“the what-I-wish-I-knew list about caring for my aging parents, medically and otherwise. [..]
- If you have the feeling that something may be an issue for your aging parents, it is almost definitely an issue. Do not put off something because it is likely to resolve itself; it will likely get worse, not better. As a pediatrician, I find myself frequently recommending to many of my patients and their parents to monitor their current condition and let me know if things change or get worse. This is in general the wrong approach for aging parents. It is better to deal with a manageable issue now rather than a big problem in the future.
- Make sure you know about all your parents’ financial accounts. [..] Simplify their life (and yours) by closing unnecessary accounts. We decided that my parents should have 1 credit card and 1 bank account, both of which I have access to on my cellphone. I check them almost every day.
- You (and they) may need emotional support from people you would not expect. If, several years ago, someone had asked me about the most important reasons to hire a financial planner, I would never have included emotional support as one of them. Now I would rank it near the top. Having someone who knew my parents before they started to decline is incredibly helpful as we make financial and other important decisions on their behalf. The fact that my parents trust their adviser so much is a tremendous help. The same is true for their realtor.
- Advocate for your parents in the best way you can, but do not expect everything to be cut and dried. Try to attend medical appointments with them whenever possible. Make a list of their medications with photographs of the pills included. Talk to the physician directly and make sure they know you are a medical professional. Do not expect clinicians to communicate effectively with each other.[..]
- Use technology to help you (and them). Although my parents struggle with technology, that does not mean it cannot help them. I do not have any financial stake in any particular technology company, but there are several that we have found extremely useful. Medminder (www.medminder.com) is a company that offers smart pillboxes that reminds my father when to take his medications and alerts me via telephone, email, or text message if he has not yet taken the medication. Pillpack (www.pillpack.com) is a pharmacy service that packages the medications by day and time so that loading pillboxes is much easier. Tile (www.thetileapp.com) offers the ability to track multiple lost devices, such as cellphones and wallets. Gogograndparent (www.gogograndparent.com) allows senior citizens to use Lyft or Uber via a simple telephone call, rather than having to navigate the app. (I thank my cousin, a social worker, for that one.)
- Do not expect too much from the medical system. Physicians, even caring and dedicated ones, may be unwilling to have difficult or unpleasant conversations. Neither the ophthalmologist nor the primary care physician, both lovely people and good physicians, seemed willing to risk my mother’s irritation by telling her that she could not drive (although clearly this was unsafe).
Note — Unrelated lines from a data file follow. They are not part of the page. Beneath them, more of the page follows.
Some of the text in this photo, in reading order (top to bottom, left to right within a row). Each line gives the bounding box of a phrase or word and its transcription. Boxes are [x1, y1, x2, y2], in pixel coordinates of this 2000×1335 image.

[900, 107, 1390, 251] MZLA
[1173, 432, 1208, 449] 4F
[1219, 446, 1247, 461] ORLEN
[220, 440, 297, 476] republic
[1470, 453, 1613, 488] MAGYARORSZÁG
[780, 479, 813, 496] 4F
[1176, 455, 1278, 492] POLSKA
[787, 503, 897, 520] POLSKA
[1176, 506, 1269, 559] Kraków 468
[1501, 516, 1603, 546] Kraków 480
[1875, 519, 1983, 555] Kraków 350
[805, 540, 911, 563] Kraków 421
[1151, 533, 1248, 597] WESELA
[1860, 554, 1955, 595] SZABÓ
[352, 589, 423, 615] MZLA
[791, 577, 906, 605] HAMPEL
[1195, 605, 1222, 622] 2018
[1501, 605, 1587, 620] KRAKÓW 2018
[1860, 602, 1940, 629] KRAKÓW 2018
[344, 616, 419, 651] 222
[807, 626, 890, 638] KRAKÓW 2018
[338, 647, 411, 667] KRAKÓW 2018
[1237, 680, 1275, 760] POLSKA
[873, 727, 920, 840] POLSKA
- You must have the difficult conversations if the physicians will not. You may need to have difficult conversations with your parents, your siblings, your children, and others. Regarding medical professionals, if you can, consider having a conversation with your parents’ physician(s) before the visit, so they understand your perspective and are not surprised when you ask them about issues (such as driving) with a specific agenda.
- You may need to get them daily help. A supportive and trustworthy aide (or aides) can be a tremendous help. My parents now have aides daily; I can immediately tell by the tone of my mother’s voice when the aide has not arrived that day. Once you get a system established, everyone will be much more comfortable. Aides who drive can be a compromise for senior citizens who want to remain independent but cannot safely drive themselves.
- Do not forget to keep some perspective and occasionally laugh. These issues are harder on your parents than they are on you. Obviously, they did not choose to have dementia or Parkinson disease. They will need some time to mourn their losses: physical strength, independence, friendships, and living life on their terms.